Traditional incident management systems struggle to manage today's increasingly complex network environments. Reliance on manual processes cause delays in incident resolution and prolonged downtime, along with higher operational costs and limited scalability. Such service disruption reduces customer trust and increases churn. Yet in today’s hypercompetitive market CSPs must increasingly differentiate themselves through superior service reliability and rapid issue resolution.
This Catalyst will therefore address the rising demand for highly automated incident management solutions. Building on the success of the Incident Co-Pilot developed in Phase I, the project introduces a more comprehensive multi-agent system incorporating advanced generative AI (genAI). The new multi-agent system is designed to automate diagnosis, resolution, optimization, and learning processes.
This will bring the solution to Level 4 autonomy while contributing to TM Forum best practices and autonomous network standards.
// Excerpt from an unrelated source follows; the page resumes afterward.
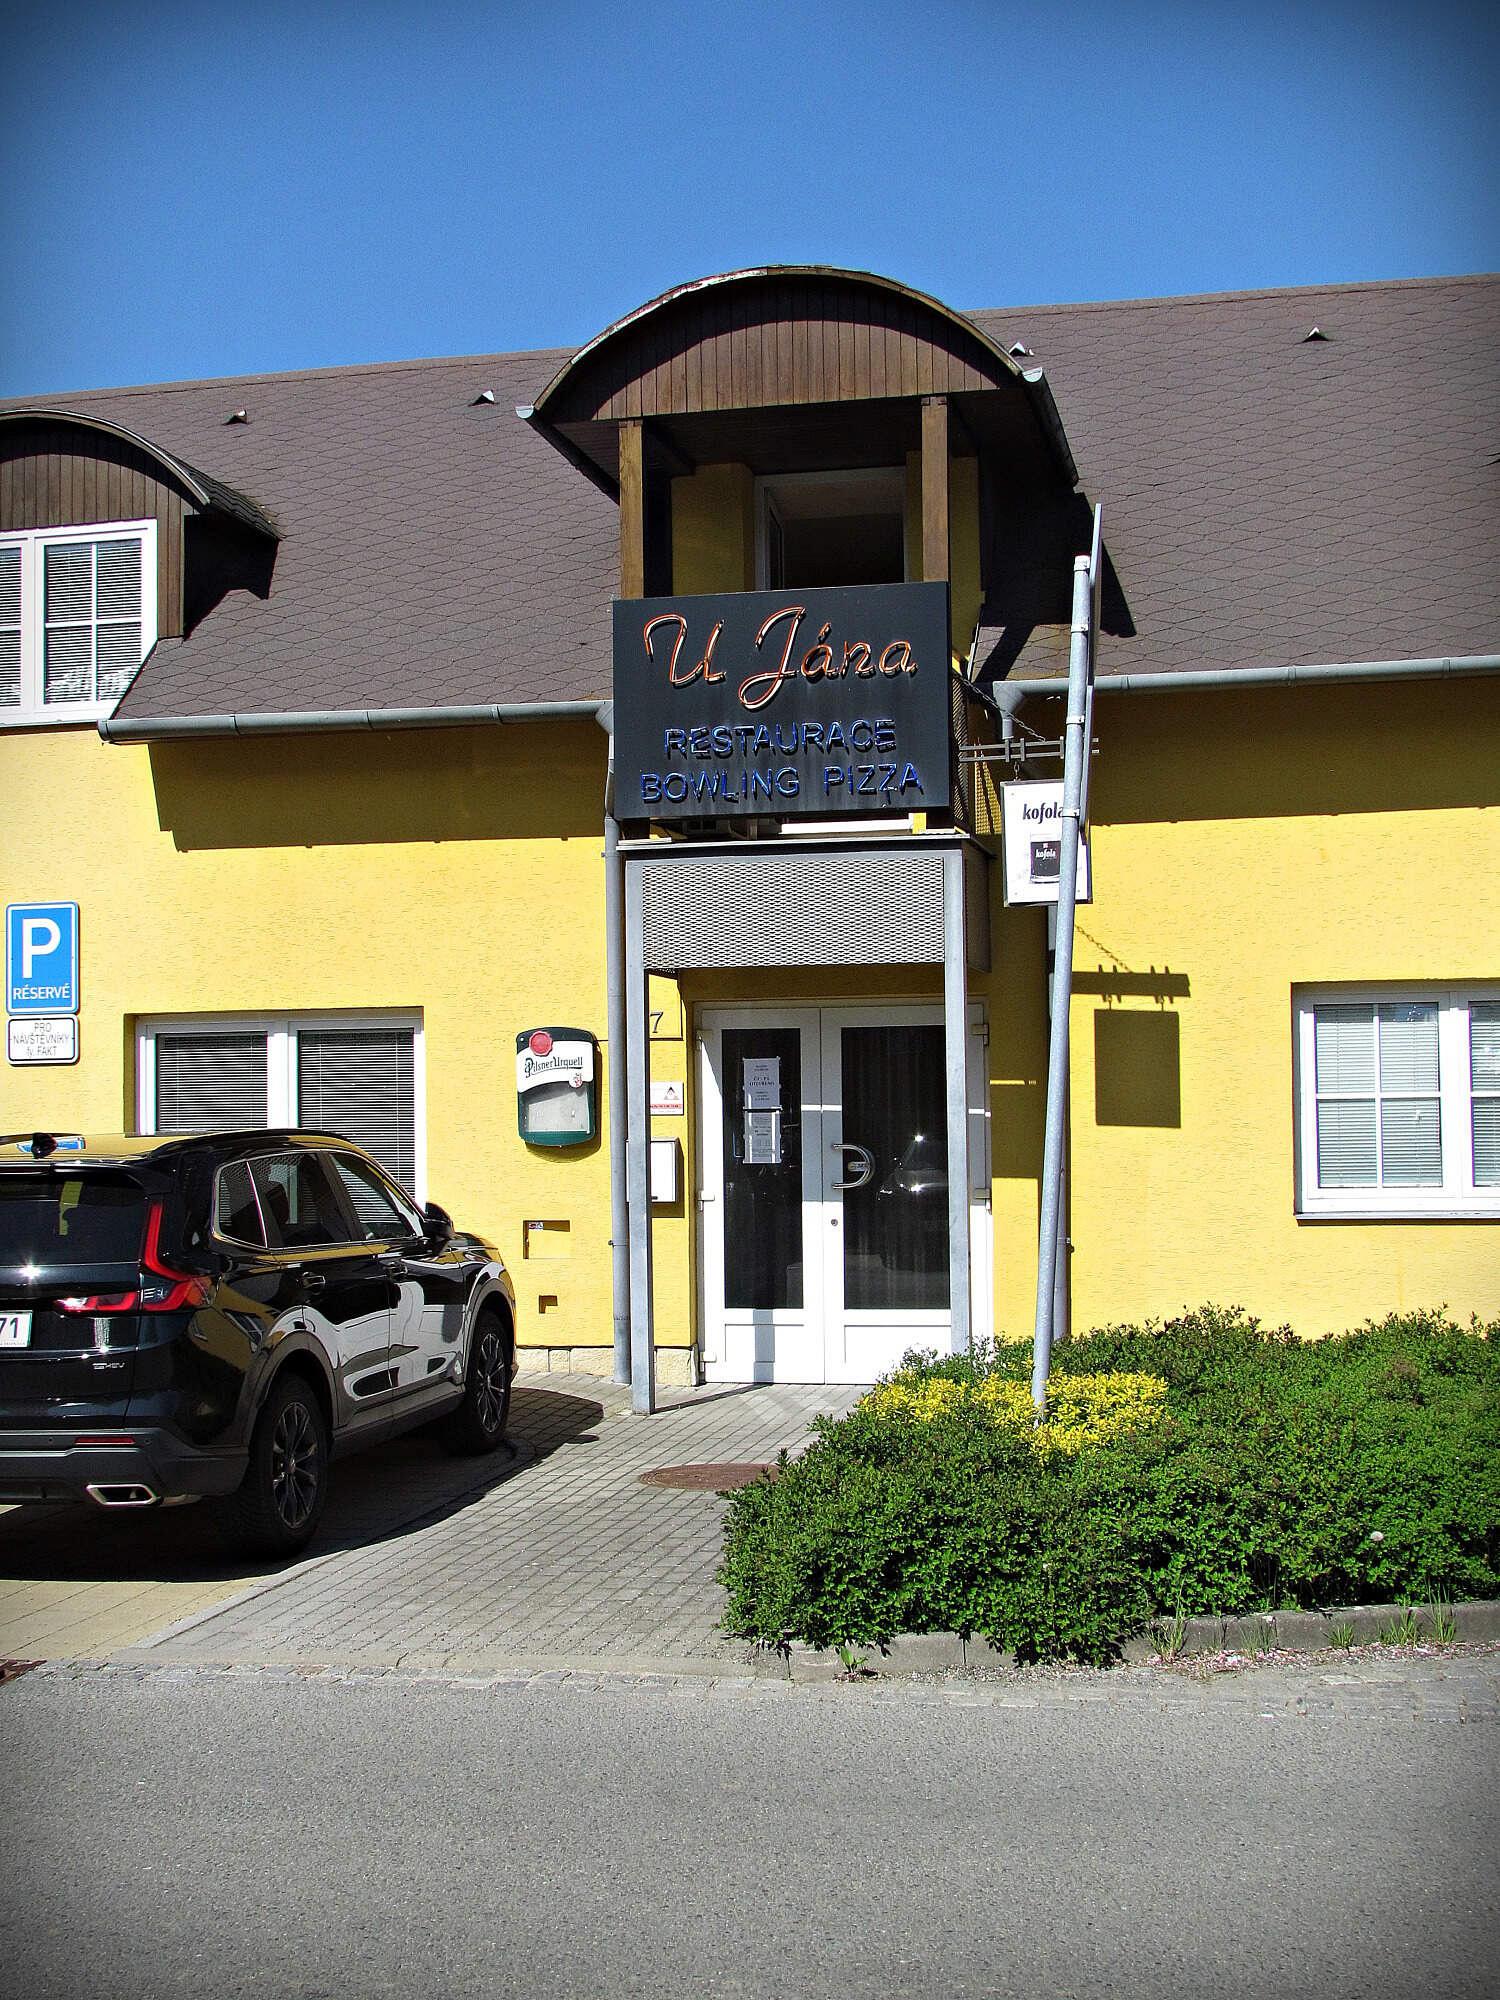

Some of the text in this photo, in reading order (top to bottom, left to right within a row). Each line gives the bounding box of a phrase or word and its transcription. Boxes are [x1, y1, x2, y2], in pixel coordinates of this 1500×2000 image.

The project goals are to significantly reduce mean-time-to-repair (MTTR), measurably enhance customer satisfaction, and reduce operational costs.
The specialized agents include:
• Incident Agent to diagnose issues using real-time and historical data • Healing Agent to manage tickets and corrective actions • Optimization Agent to maintains network performance during incidents • Learning Agent to use past incidents to enhance future responses • Risk Agent to identify and mitigate potential issues proactively
These enhanced agents will automate the incident lifecycle, reducing manual interventions and providing the capacity needed for large-scale deployments. Extensive demonstrations over the course of the project will highlight actionable insights, illustrating the system's scalability and potential real-world impact. Success metrics include MTTR reduction, automation rate, incident resolution accuracy, reduction in field dispatches, user satisfaction and trust assessed through NOC engineer feedback.